» Work instructions
The expected result is the full set of records, copied precisely, with images dropped.

» Supplied material

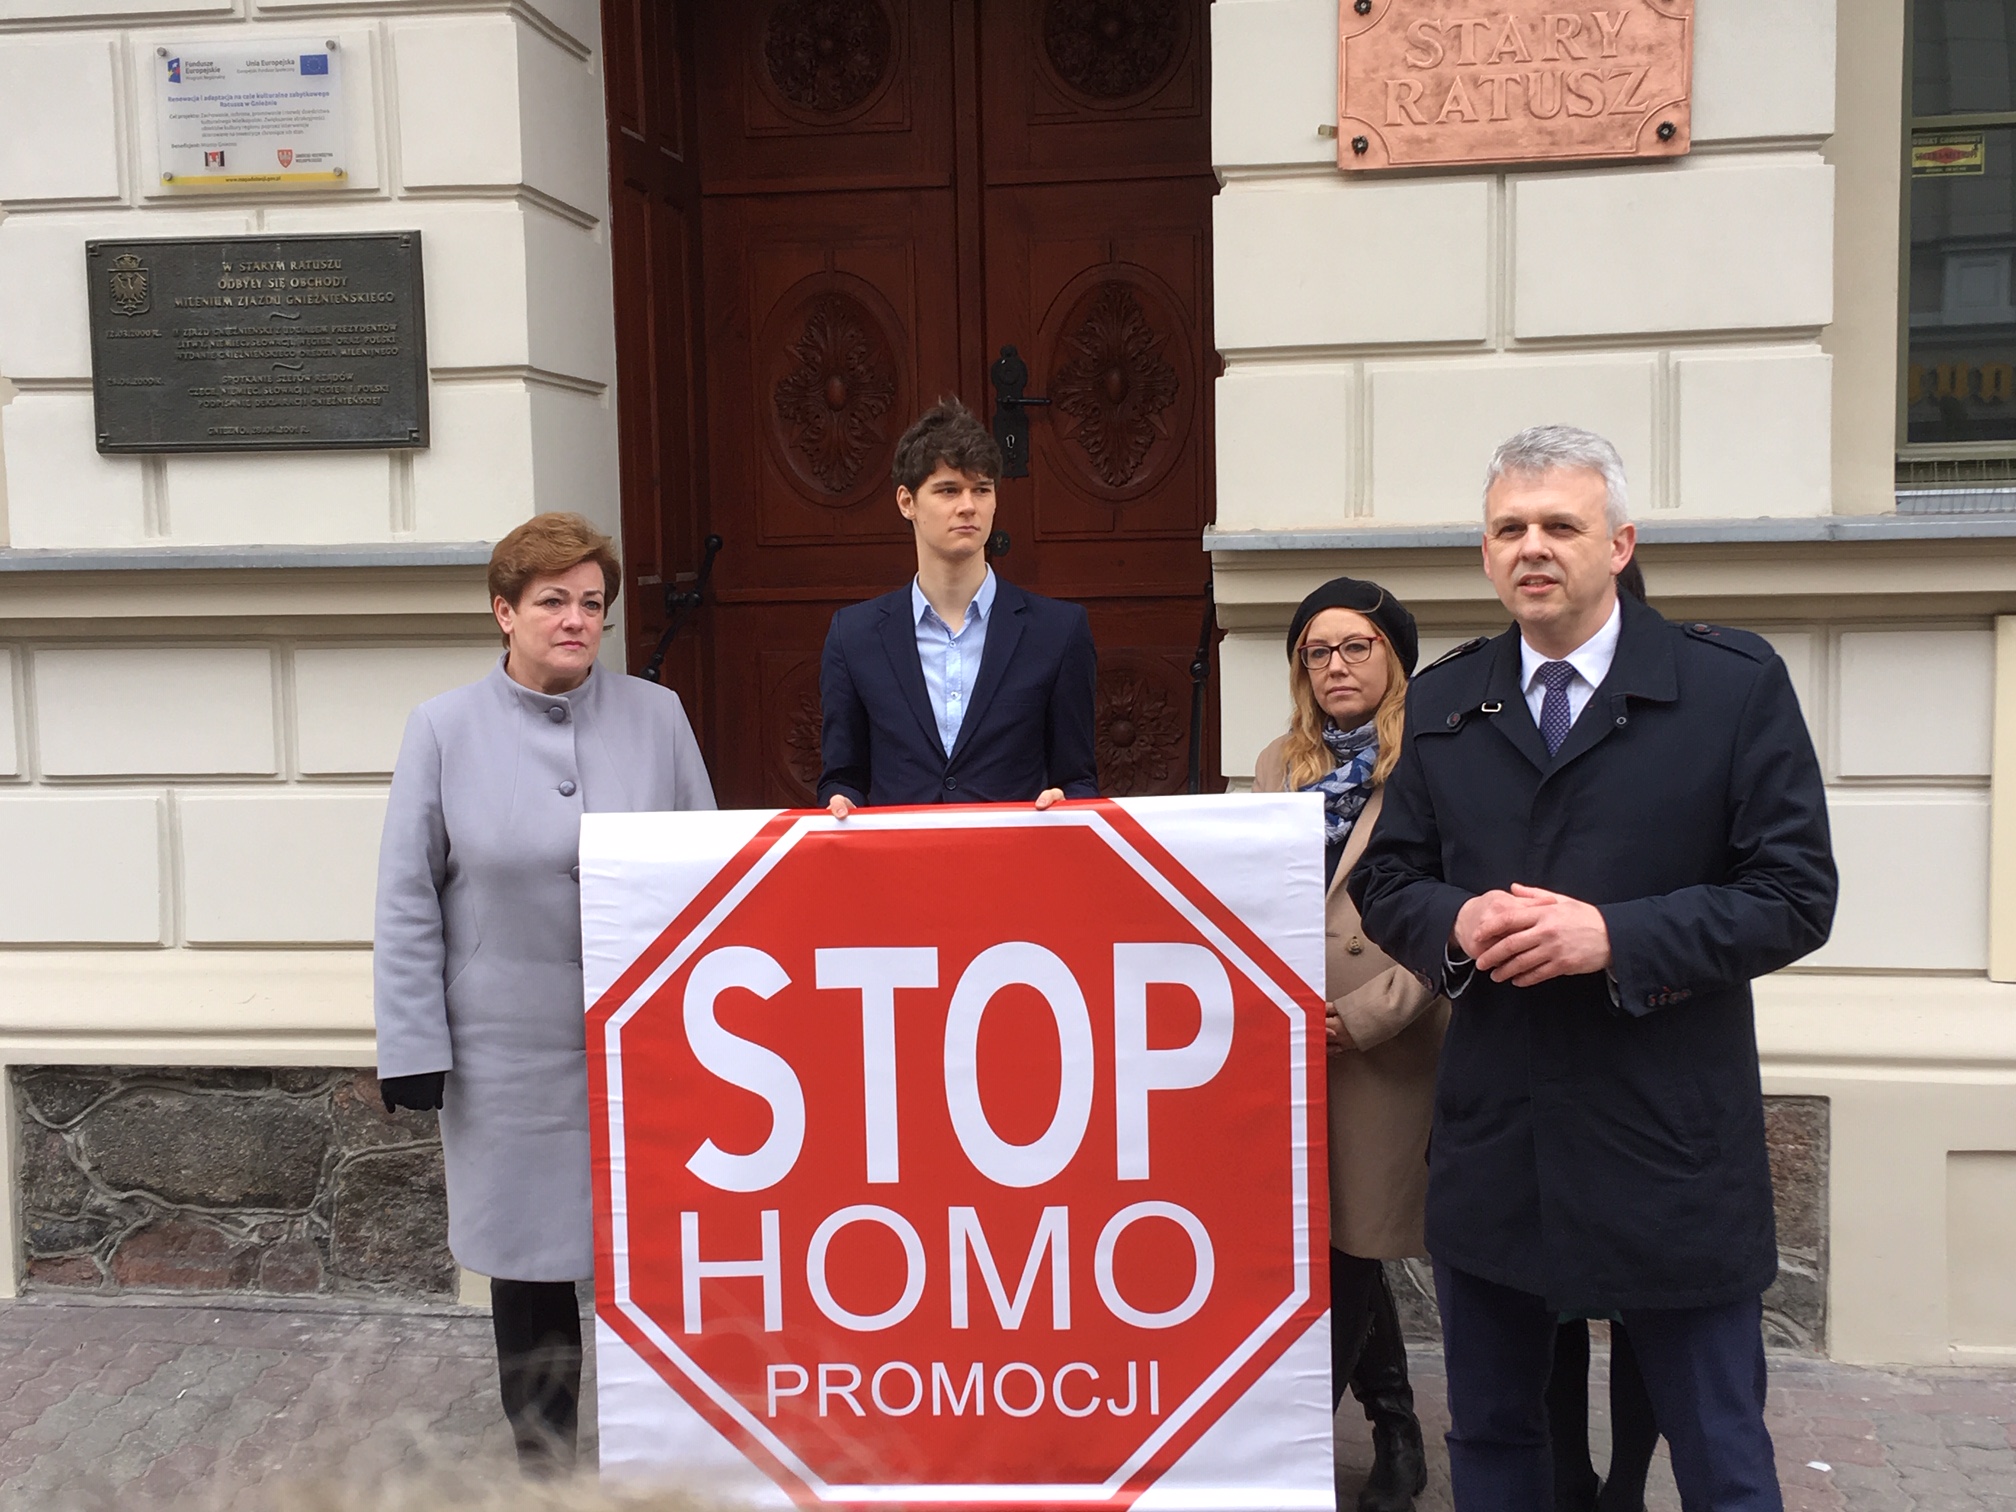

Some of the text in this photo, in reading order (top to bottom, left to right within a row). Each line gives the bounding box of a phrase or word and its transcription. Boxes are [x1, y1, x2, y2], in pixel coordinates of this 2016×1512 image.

[1404, 10, 1630, 69] STARY
[185, 67, 221, 75] Europejskie
[204, 94, 233, 102] adaptacja
[289, 90, 330, 98] zabytkowego
[1384, 66, 1651, 127] RATUSZ
[222, 259, 343, 271] W STARYM RATUSZU
[218, 276, 348, 290] ODBYŁY SIĘ OBCHODY
[174, 296, 233, 308] MILENIUM
[238, 294, 281, 308] ZJAZDU
[363, 335, 396, 345] POLSKI
[683, 941, 1235, 1193] STOP
[680, 1200, 1215, 1334] HOMO
[766, 1360, 1160, 1418] PROMOCJI

» Result for this exercise
Some of the text in this photo, in reading order (top to bottom, left to right within a row). Each line gives the bounding box of a phrase or word and its transcription. Boxes are [x1, y1, x2, y2], in pixel coordinates of this 2016×1512 image.

[1404, 10, 1630, 69] STARY
[185, 67, 221, 75] Europejskie
[204, 94, 233, 102] adaptacja
[289, 90, 330, 98] zabytkowego
[1384, 66, 1651, 127] RATUSZ
[222, 259, 343, 271] W STARYM RATUSZU
[218, 276, 348, 290] ODBYŁY SIĘ OBCHODY
[174, 296, 233, 308] MILENIUM
[238, 294, 281, 308] ZJAZDU
[363, 335, 396, 345] POLSKI
[683, 941, 1235, 1193] STOP
[680, 1200, 1215, 1334] HOMO
[766, 1360, 1160, 1418] PROMOCJI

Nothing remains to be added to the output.